Therefore, $\Pi_{\omega,\mathbf{k}}$ shows a discrete set of exciton resonances regardless which many-body state initiated the emission through the spontaneous-emission source. These resonances are directly transferred to excitonic peaks in the luminescence itself. This yields an unexpected consequence; the excitonic resonance can equally well originate from an electron–hole plasma or the presence of excitons. At first, this consequence of SLEs seems counterintuitive because in few-particle picture an unbound electron–hole pair cannot recombine and release energy corresponding to the exciton resonance because that energy is well below the energy an unbound electron–hole pair possesses.

However, the excitonic plasma luminescence is a genuine many-body effect where plasma emits collectively to the exciton resonance. Namely, when a high number of electronic states participate in the emission of a single photon, one can always distribute the energy of initial many-body state between the one photon at exciton energy and remaining many-body state (with one electron–hole pair removed) without violating the energy conservation. The Coulomb interaction mediates such energy rearrangements very efficiently.
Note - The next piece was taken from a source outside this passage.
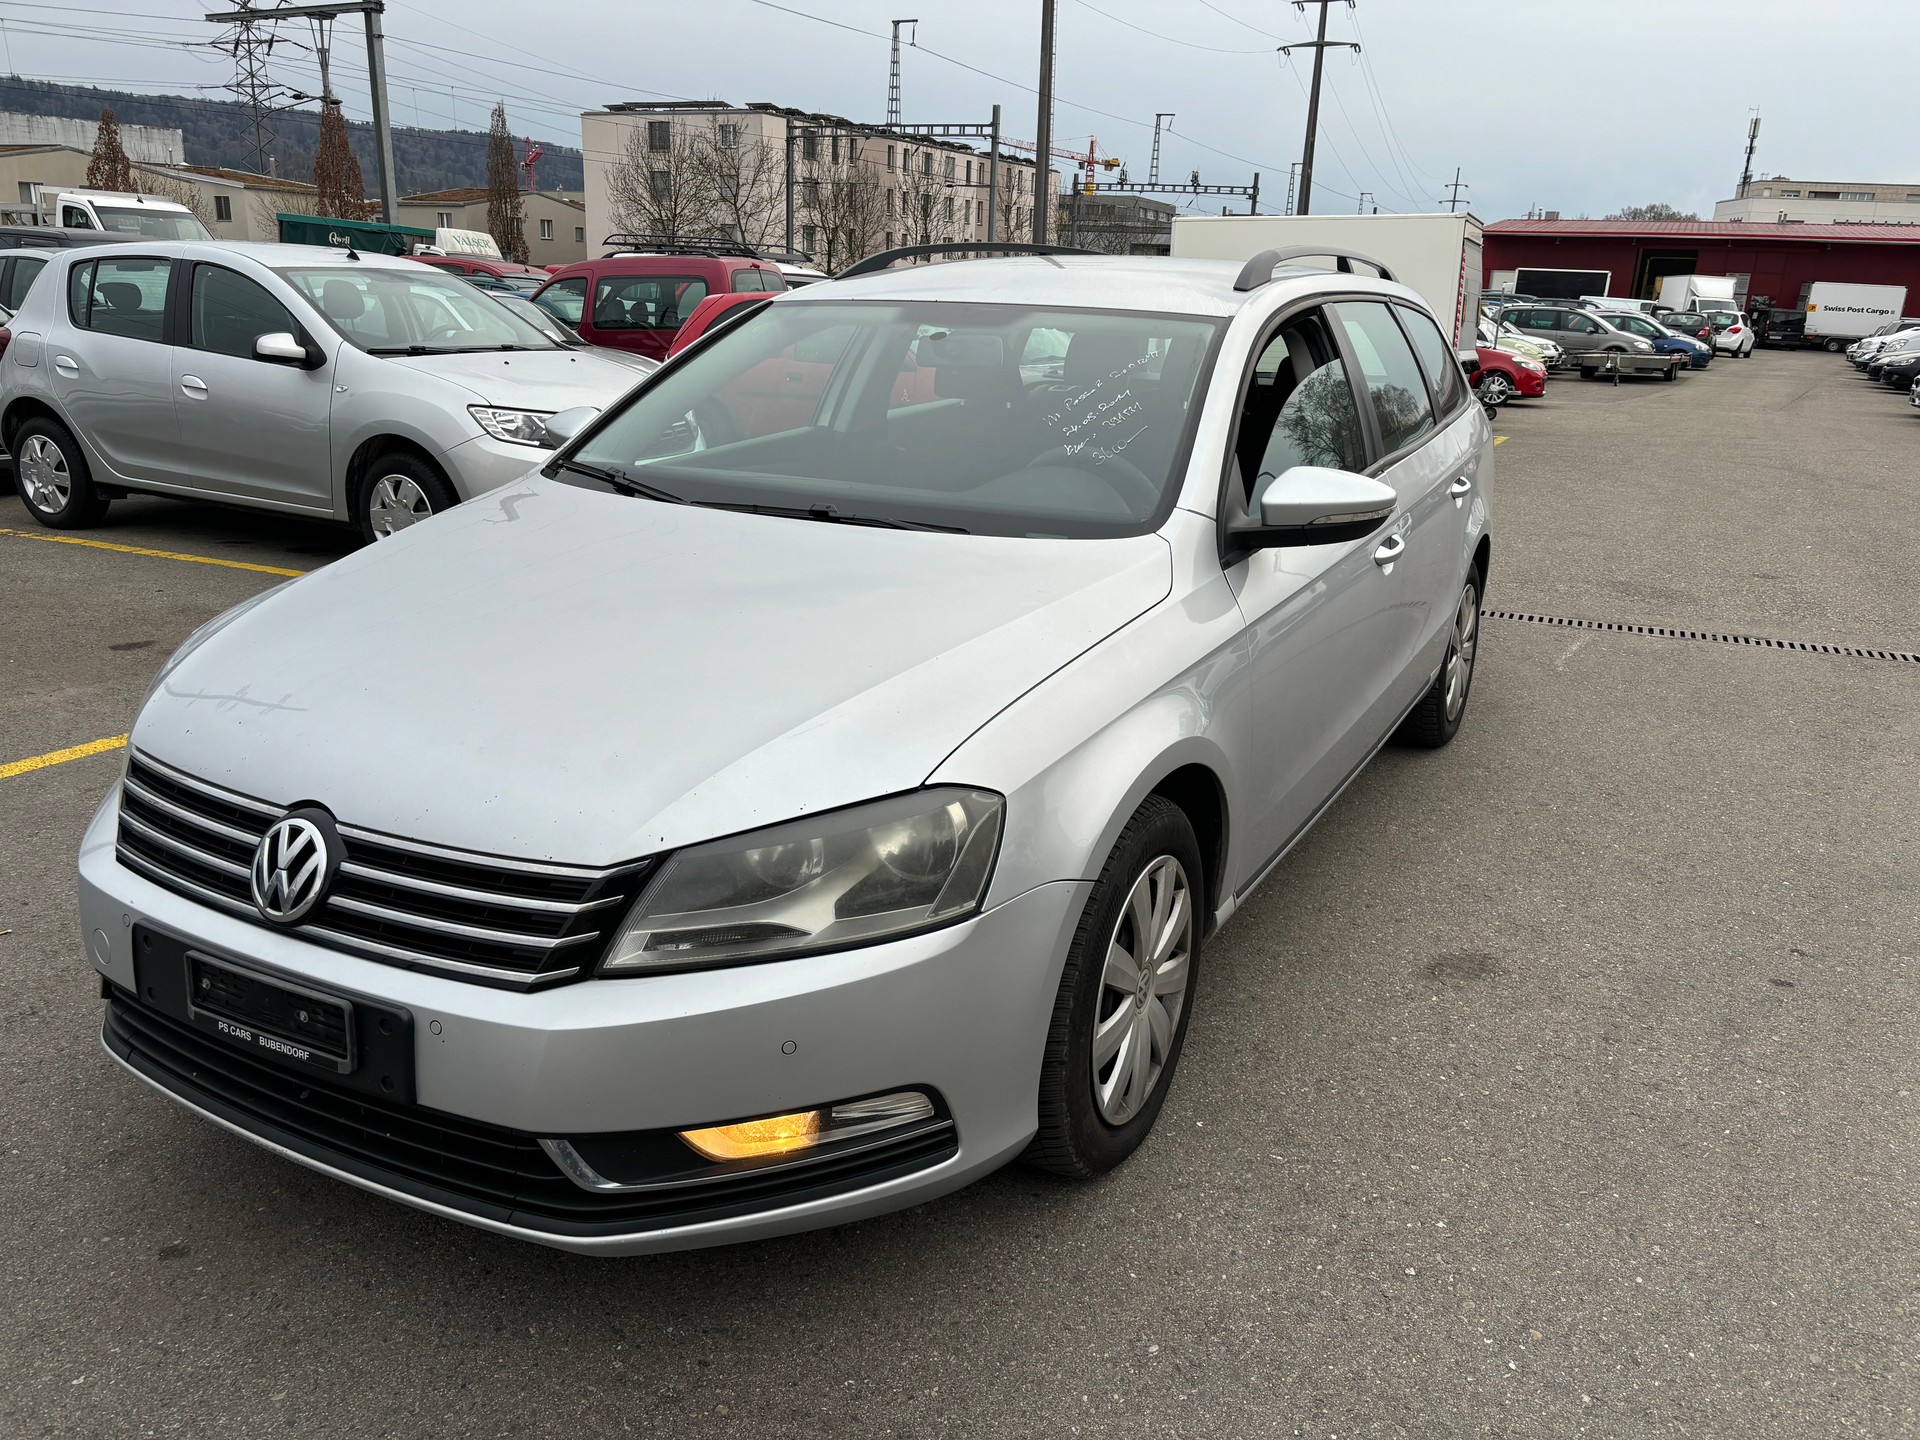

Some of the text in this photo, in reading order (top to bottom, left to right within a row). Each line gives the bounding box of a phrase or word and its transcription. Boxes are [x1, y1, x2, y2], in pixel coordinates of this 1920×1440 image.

A thorough analysis of energy and many-body state rearrangement is given in Ref.

In general, excitonic plasma luminescence explains many nonequilibrium emission properties observed in present-day semiconductor luminescence experiments. In fact, the dominance of excitonic plasma luminescence has been measured in both quantum-well and quantum-dot systems. Only when excitons are present abundantly, the role of excitonic plasma luminescence can be ignored.
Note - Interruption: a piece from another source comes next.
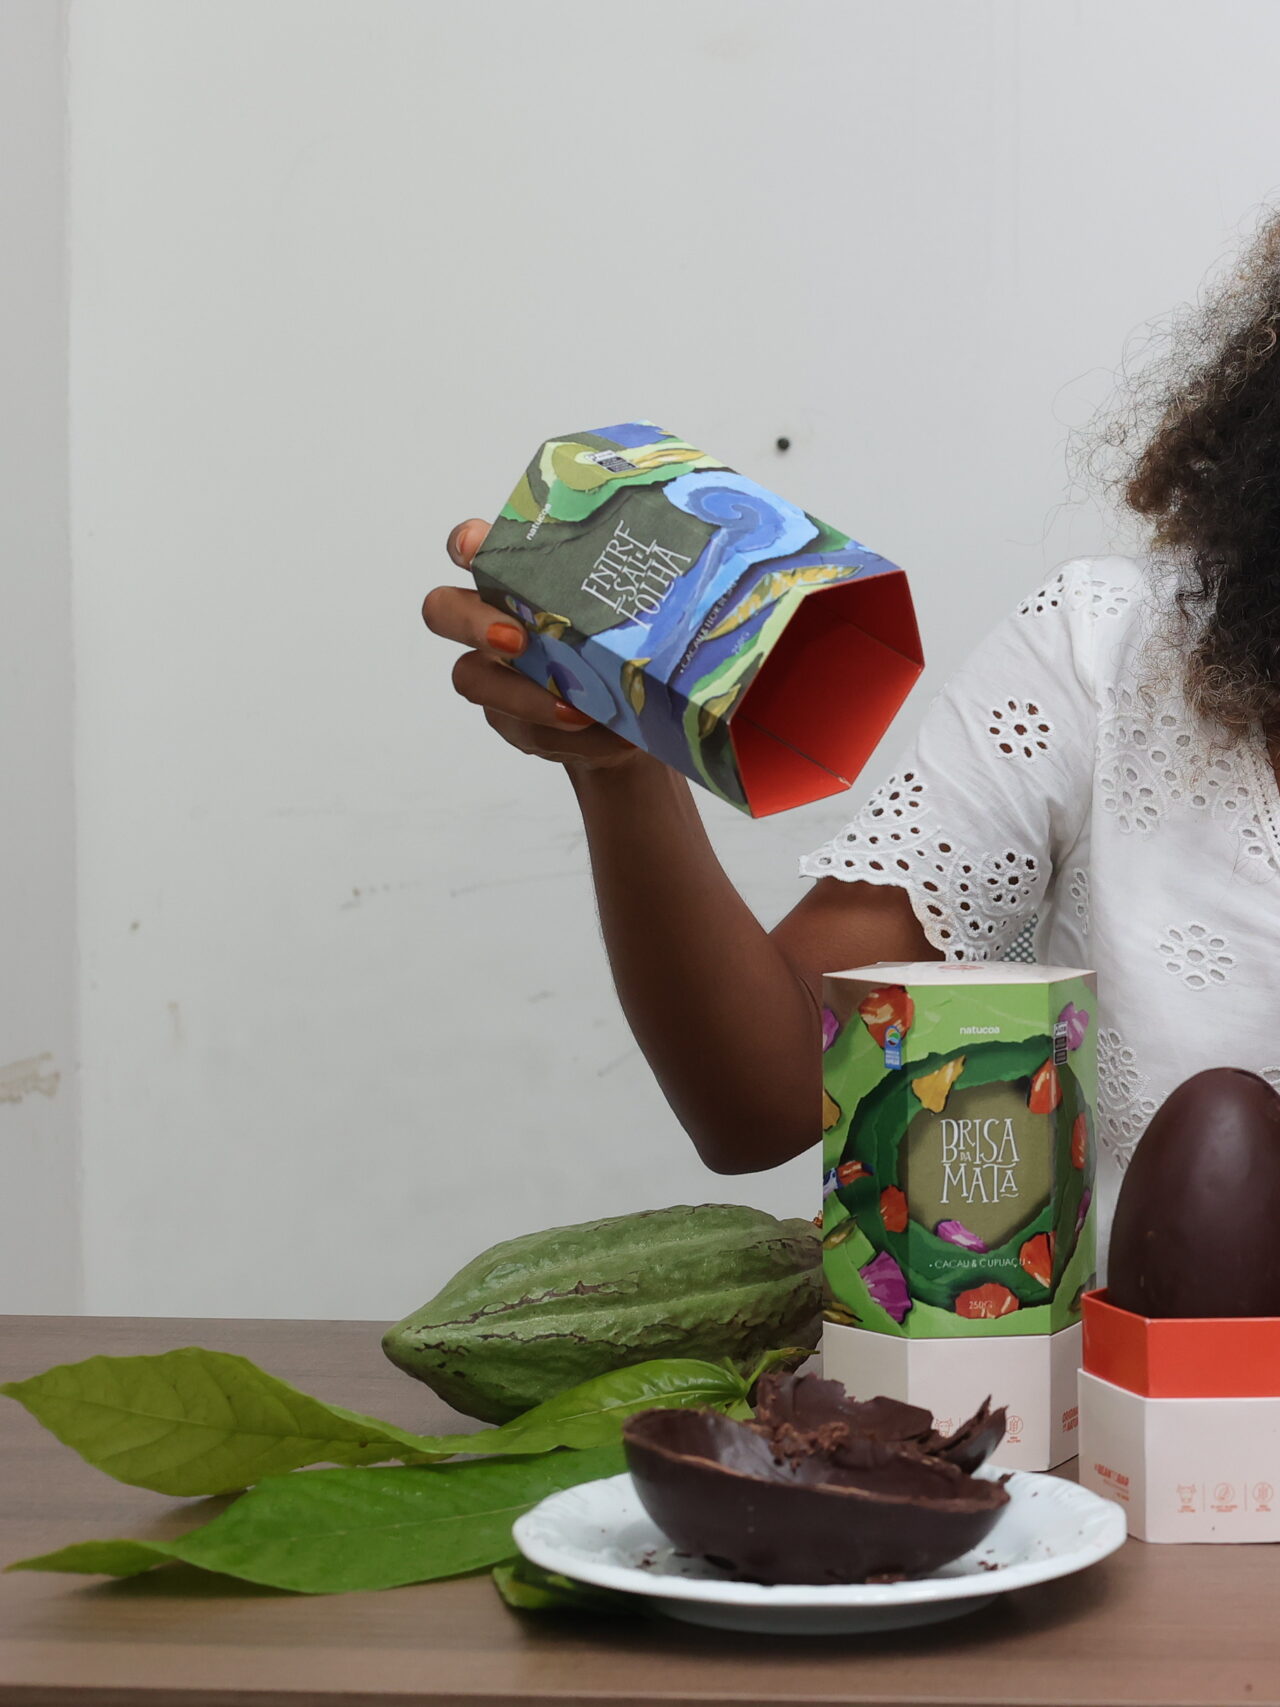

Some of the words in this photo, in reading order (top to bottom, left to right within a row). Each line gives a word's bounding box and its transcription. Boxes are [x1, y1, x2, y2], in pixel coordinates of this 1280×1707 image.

==Connections and generalizations==

Structurally, the SLEs resemble the semiconductor Bloch equations (SBEs) if the $\Pi_{\omega,\mathbf{k}}$ are compared with the microscopic polarization within the SBEs. As the main difference, $\Pi_{\omega,\mathbf{k}}$ also has a photon index $\omega$, its dynamics is driven spontaneously, and it is directly coupled to three-particle correlations. Technically, the SLEs are more difficult to solve numerically than the SBEs due to the additional $\omega$ degree of freedom. However, the SLEs often are the only (at low carrier densities) or more convenient (lasing regime) to compute luminescence accurately. Furthermore, the SLEs not only yield a full predictability without the need for phenomenological approximations but they also can be used as a systematic starting point for more general investigations such as laser design and disorder studies.

The presented SLEs discussion does not specify the dimensionality or the band structure of the system studied. As one analyses a specified system, one often has to explicitly include the electronic bands involved, the dimensionality of wave vectors, photon, and exciton center-of-mass momentum. Many explicit examples are given in Refs. for quantum-well and quantum-wire systems, and in Refs. for quantum-dot systems.

Semiconductors also can show several resonances well below the fundamental exciton resonance when phonon-assisted electron–hole recombination takes place. These processes are describable by three-particle correlations (or higher) where photon, electron–hole pair, and a lattice vibration, i.e., a phonon, become correlated. The dynamics of phonon-assisted correlations are similar to the phonon-free SLEs. Like for the excitonic luminescence, also excitonic phonon sidebands can equally well be initiated by either electron–hole plasma or excitons.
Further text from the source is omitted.